DATA EXCERPTS.
============================================================

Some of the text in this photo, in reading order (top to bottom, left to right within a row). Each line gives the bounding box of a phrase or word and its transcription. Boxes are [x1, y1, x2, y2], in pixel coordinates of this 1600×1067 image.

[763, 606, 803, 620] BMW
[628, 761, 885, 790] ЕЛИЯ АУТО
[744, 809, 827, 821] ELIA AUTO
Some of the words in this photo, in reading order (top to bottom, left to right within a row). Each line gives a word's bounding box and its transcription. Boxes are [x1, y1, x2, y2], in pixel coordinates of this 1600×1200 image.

============================================================

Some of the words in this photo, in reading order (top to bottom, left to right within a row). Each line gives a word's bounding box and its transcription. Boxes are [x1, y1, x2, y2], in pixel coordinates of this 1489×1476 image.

============================================================

WHAT THIS TASK INVOLVES.
Restate word for word the entries above from the line with "Some of the text" through the line with "this 1600×1200 image.", inclusive, leaving out everything else.

FINAL ANSWER.
Some of the text in this photo, in reading order (top to bottom, left to right within a row). Each line gives the bounding box of a phrase or word and its transcription. Boxes are [x1, y1, x2, y2], in pixel coordinates of this 1600×1067 image.

[763, 606, 803, 620] BMW
[628, 761, 885, 790] ЕЛИЯ АУТО
[744, 809, 827, 821] ELIA AUTO
Some of the words in this photo, in reading order (top to bottom, left to right within a row). Each line gives a word's bounding box and its transcription. Boxes are [x1, y1, x2, y2], in pixel coordinates of this 1600×1200 image.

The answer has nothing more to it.